Am 11.Oktober 2003 werden mehrere Wheelies des MTV-Stuttgart beim Handbike-Wettbewerb in Heidelberg auf verschiedenen Distanzen starten und Ihr Können zeigen. Das Dabei sein steht hier für die Gruppe im Vordergrund. Ein großes Publikum und viel Motivation werden bestimmt für Aufregung sorgen.

Kultur und Information:

Auftritte und Interviews der Wheelers und Wheeler-Kids bei Veranstaltungen im Bereich Kultur und Sport sowie in den Medien sind stets interessant und tragen mit Ihren einfachen Beispielen aus dem Sportverein zum Umgang und der Integration behinderter Menschen bei.

Die MTV-Wheelers helfen zum Beispiel den Schauspielen des Stuttgarter Staatstheaters beim Rollstuhl- und Verhaltenstraining bei den Vorbereitungen zur Aufführung der Vorstadtkrokodile (Max von der Grün). Der Intendant, Herr Schirmer bedankt sich persönlich bei der Premierenfeier für geleistete Unterstützungsarbeit und Mitwirkung an der Stuttgarter Landesbühne.

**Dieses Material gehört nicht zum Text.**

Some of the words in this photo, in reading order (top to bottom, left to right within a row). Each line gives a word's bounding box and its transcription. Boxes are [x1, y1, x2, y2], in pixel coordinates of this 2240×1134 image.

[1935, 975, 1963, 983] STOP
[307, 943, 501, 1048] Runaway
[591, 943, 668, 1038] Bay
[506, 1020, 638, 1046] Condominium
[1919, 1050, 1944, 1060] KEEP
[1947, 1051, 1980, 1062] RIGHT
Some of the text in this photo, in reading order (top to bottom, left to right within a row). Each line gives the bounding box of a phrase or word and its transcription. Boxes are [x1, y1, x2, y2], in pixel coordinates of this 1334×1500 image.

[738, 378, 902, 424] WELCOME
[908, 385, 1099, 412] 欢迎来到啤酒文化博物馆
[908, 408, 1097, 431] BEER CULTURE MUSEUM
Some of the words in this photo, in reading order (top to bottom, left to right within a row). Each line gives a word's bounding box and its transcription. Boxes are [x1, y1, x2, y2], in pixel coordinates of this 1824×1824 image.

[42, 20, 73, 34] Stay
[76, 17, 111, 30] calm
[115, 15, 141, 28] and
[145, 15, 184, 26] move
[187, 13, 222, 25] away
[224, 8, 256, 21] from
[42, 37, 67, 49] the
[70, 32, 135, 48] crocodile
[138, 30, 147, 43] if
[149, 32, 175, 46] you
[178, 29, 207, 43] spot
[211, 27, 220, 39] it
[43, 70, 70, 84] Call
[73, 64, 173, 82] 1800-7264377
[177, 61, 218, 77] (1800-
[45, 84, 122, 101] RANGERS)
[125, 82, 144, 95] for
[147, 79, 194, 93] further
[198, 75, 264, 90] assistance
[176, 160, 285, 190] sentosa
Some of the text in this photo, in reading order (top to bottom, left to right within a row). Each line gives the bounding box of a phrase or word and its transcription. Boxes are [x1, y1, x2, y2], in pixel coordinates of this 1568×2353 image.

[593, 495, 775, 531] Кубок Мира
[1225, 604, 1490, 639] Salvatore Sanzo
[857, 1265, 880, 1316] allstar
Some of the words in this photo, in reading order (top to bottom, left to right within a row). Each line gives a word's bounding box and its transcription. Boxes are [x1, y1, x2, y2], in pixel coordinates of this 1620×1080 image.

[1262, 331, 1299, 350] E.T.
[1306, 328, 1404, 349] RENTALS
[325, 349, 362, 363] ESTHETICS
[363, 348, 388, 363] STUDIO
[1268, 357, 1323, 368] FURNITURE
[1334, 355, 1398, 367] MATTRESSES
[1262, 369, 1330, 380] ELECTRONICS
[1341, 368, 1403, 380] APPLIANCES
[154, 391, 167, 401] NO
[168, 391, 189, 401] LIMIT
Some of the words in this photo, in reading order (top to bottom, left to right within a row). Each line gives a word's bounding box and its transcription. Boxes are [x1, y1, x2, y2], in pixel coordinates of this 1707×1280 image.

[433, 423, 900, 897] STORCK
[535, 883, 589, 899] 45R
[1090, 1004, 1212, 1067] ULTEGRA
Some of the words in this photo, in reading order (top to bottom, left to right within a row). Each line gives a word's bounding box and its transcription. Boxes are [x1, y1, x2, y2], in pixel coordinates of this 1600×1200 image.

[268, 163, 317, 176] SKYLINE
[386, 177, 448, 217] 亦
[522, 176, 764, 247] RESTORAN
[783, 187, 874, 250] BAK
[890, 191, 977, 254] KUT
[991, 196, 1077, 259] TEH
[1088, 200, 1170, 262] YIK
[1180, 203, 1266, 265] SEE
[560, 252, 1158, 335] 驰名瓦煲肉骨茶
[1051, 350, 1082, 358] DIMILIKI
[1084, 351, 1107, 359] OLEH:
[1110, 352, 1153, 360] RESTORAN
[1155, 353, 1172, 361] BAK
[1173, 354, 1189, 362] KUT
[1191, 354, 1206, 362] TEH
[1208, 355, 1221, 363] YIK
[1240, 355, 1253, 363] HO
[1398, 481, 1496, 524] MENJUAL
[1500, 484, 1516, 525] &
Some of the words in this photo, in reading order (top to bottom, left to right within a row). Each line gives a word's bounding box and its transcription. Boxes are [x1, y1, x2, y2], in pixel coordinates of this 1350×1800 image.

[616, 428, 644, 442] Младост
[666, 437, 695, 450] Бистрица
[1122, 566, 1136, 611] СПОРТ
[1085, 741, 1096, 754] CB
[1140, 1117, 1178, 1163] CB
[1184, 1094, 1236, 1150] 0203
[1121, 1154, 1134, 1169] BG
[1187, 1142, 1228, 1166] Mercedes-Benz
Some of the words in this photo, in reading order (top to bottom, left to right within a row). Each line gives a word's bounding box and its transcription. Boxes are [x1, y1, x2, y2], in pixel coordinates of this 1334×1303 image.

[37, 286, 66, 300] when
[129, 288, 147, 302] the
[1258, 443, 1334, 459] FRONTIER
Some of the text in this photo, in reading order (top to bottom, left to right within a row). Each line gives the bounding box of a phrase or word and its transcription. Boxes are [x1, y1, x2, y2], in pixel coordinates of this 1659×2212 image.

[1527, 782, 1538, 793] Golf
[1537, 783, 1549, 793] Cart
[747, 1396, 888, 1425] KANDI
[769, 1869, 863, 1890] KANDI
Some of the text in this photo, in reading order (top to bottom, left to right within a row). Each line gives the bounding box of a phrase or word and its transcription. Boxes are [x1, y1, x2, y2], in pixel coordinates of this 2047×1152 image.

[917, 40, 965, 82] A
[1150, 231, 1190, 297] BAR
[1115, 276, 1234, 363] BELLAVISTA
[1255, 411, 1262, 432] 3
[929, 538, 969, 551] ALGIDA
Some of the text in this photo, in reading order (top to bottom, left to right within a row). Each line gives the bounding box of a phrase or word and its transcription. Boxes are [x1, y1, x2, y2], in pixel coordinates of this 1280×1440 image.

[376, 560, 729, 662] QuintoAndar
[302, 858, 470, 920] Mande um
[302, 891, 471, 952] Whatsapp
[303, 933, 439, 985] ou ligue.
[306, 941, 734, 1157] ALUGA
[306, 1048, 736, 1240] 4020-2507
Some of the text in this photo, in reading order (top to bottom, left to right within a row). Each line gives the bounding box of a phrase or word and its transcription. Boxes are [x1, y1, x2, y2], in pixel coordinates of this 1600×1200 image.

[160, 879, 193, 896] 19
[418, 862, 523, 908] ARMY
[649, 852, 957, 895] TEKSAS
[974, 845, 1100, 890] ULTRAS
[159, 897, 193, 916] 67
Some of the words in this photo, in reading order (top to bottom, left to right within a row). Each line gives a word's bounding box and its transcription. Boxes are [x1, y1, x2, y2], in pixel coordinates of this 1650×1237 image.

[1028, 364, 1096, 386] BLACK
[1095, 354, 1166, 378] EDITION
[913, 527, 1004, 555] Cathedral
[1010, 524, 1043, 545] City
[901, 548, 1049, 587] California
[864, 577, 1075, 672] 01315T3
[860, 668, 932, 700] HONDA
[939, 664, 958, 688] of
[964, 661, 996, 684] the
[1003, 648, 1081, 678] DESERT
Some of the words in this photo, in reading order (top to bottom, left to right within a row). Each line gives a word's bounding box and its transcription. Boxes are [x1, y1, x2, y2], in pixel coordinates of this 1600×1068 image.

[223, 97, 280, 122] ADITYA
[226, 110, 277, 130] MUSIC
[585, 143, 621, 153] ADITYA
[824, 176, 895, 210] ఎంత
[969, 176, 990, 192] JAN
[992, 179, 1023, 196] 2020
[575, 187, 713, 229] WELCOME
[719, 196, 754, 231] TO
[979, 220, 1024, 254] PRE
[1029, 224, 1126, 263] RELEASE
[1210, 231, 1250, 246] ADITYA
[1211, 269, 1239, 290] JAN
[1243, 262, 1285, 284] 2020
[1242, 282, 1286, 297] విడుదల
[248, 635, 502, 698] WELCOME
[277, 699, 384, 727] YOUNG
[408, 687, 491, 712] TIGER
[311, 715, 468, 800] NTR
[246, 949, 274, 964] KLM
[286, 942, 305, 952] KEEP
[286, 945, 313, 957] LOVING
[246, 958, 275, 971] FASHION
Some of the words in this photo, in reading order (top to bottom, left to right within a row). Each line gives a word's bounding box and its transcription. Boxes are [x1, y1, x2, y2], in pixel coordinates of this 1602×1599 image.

Die Vorstadtkrokodile werden ein Jahr lang fast jeden Tag in Stuttgart aufgeführt.

Mitglieder der MTV-Wheelers arbeiten im Schul-Projekt „Behinderte helfen nichtbehinderten“.

Behinderte Leistungssportler gehen in Projektarbeit als Referenten an Schulen in Baden-Württemberg:

Einblicke vermitteln, Beispiele geben, Berührungsängste abbauen, gemeinsam erleben wie Menschen mit Behinderung durch Sport und Motivation viel Spaß am Leben haben.

Gemeinsam Ideen im Schulunterricht umsetzen, vermutete Grenzen in Frage stellen.

Erkennen, dass Einschränkung nicht Schwäche bedeuten muss, sondern oft neue Chancen und Wege aufzeigt.

Behinderte helfen Nichtbehinderten, damit man Sie besser versteht.